Kristen: I read that you cut the chamois out of your shorts. Do you still do that?
Lael: Yes, I still do. I prefer bibs with shoulder straps rather than a waist strap, so I just cut the chamois out.
Kristen: Your approach inspired me to try that as well. I’ve never liked riding with chamois, and cutting it out was a revelation.
Lael: It’s especially useful for bikepacking. When you’re out day after day, a dirty chamois that can’t be washed and dried properly becomes a problem. Cutting it out simplifies things a lot.
Kristen: Absolutely. Before I ask my final questions, where can people follow your journey? And do you have any sponsors you’d like to mention?
Lael: You can find a bunch of my videos on YouTube by searching my name, and I’m also on Instagram. I’m fortunate to do this as a job and have been sponsored since 2018. I’m currently sponsored by Specialized, Wahoo, and Rapha. For my around-the-world trip, I’ll have a tracking page up, and I hope people will join me for parts of the ride. My route in North America is set, so it would be great to have folks ride along with me.
Kristen: That sounds fantastic.

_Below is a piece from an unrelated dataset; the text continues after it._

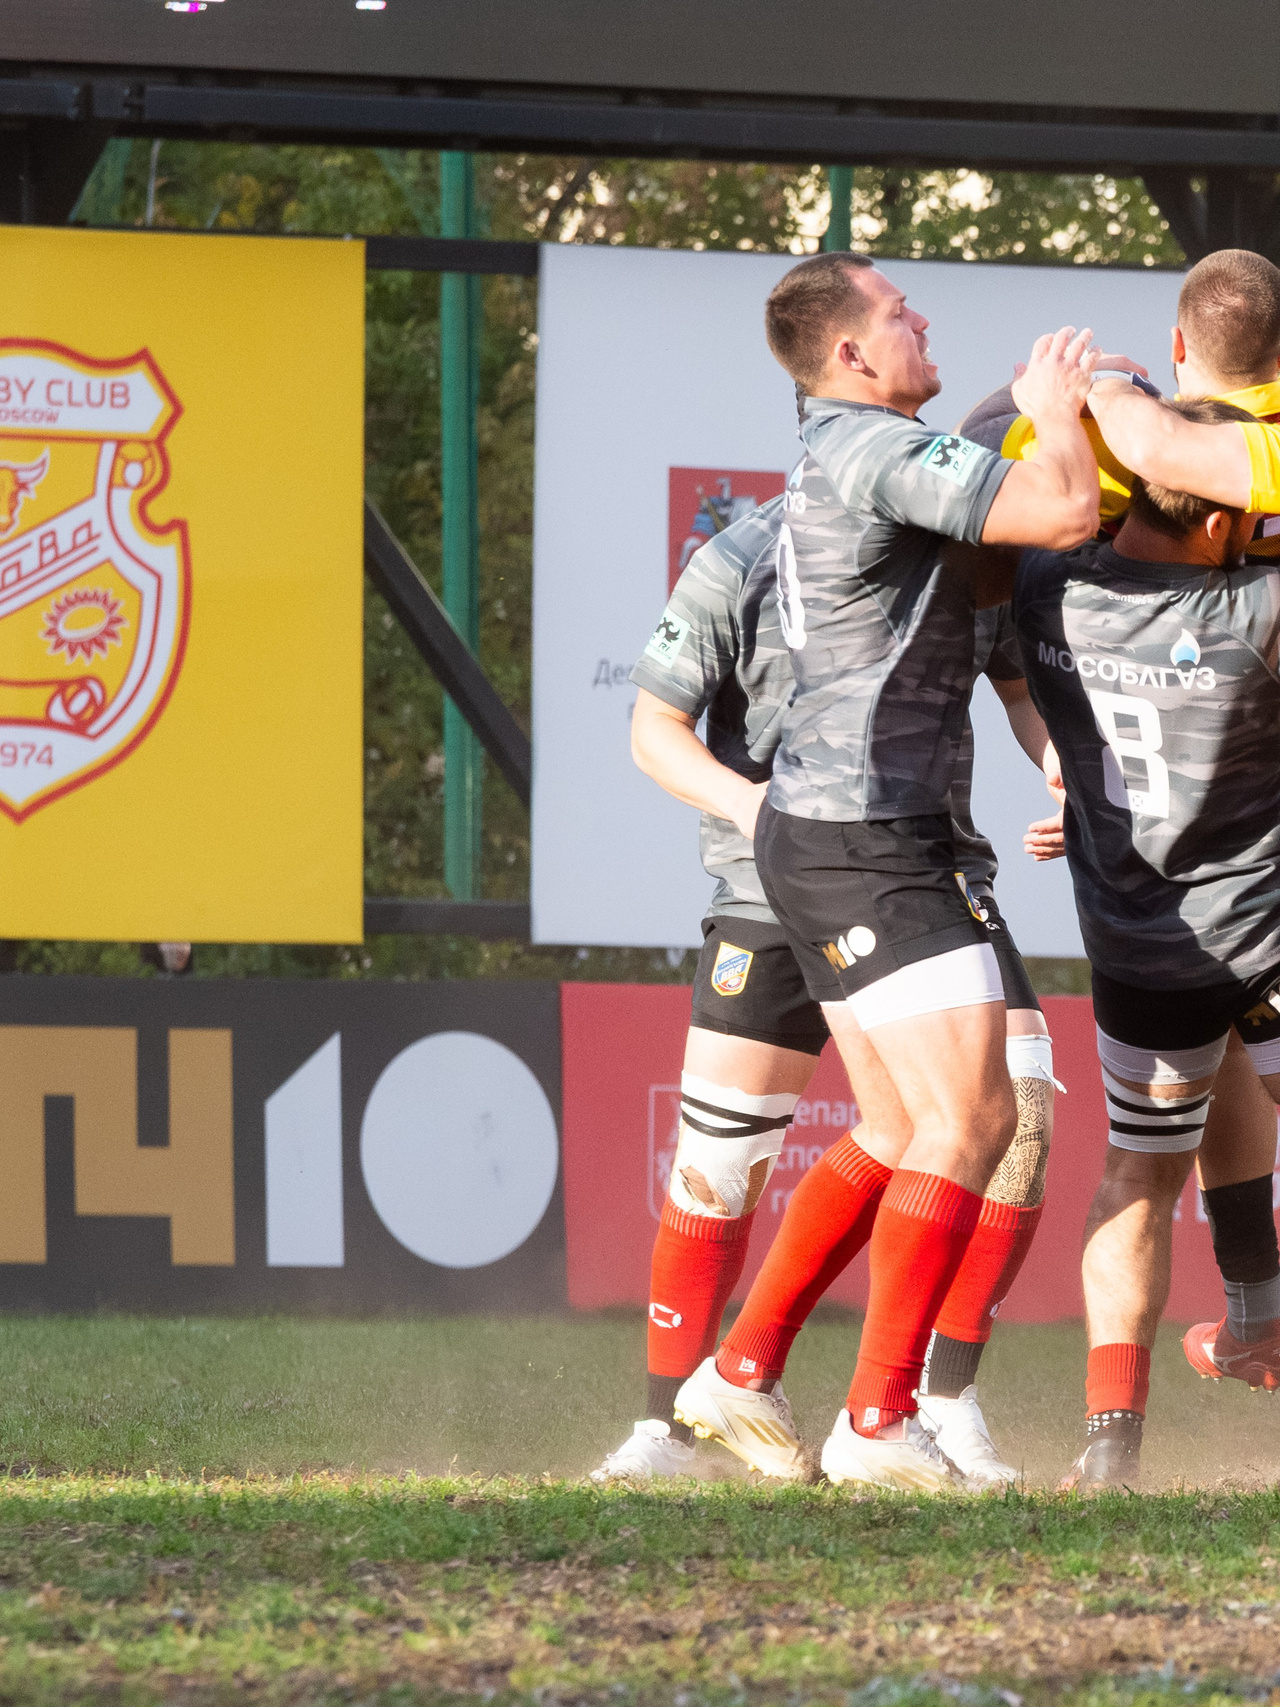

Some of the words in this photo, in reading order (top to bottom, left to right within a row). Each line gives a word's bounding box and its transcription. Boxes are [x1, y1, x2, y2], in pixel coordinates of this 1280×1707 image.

[46, 378, 131, 409] CLUB
[0, 741, 54, 768] 974
[1089, 689, 1170, 819] 8

What bike or bikes are you currently riding?
Lael: I’m heading to Alaska next week for the Iditarod, so I’ll be on a fat bike, a Corvus, an Alaskan brand, to acclimate for the race. I’ve been in sunny Arizona, so I need to adjust to the cold and snow. Besides that, I mostly ride specialized road and mountain bikes. I enjoy mixing it up – long rides, trail riding, and road cycling. No downhill stuff for me, though.
Kristen: What’s your favorite place to ride?
Lael: There are so many incredible places. Alaska, my home state, is always special because of its unique beauty. Last year, we had a rally in the Canary Islands, which was like being in Jurassic Park. The islands are so diverse – some volcanic, some lush and green. Connecting the islands by ferry was fantastic. I also love riding in places with mountains, like Switzerland and Italy, for both the stunning scenery and the delicious food. Kyrgyzstan was another standout for its breathtaking Alpine views. Essentially, I’m happiest anywhere with expansive, mountainous vistas.
Kristen: Your answer might change after your around-the-world trip next year!
Lael: Absolutely, I’m sure it will!
Kristen: Finally, what do you love most about riding your bike?
Lael: The most thrilling part is the start – that first pedal stroke, moving from indoors to outdoors, or rolling out of the tent. It’s exhilarating to feel the wind as you begin a journey. Riding during the most beautiful times, like sunrise or sunset, is extraordinary. These moments feel like stolen time, when the world is typically asleep or busy, and you’re there to witness something magical. Those experiences are truly special.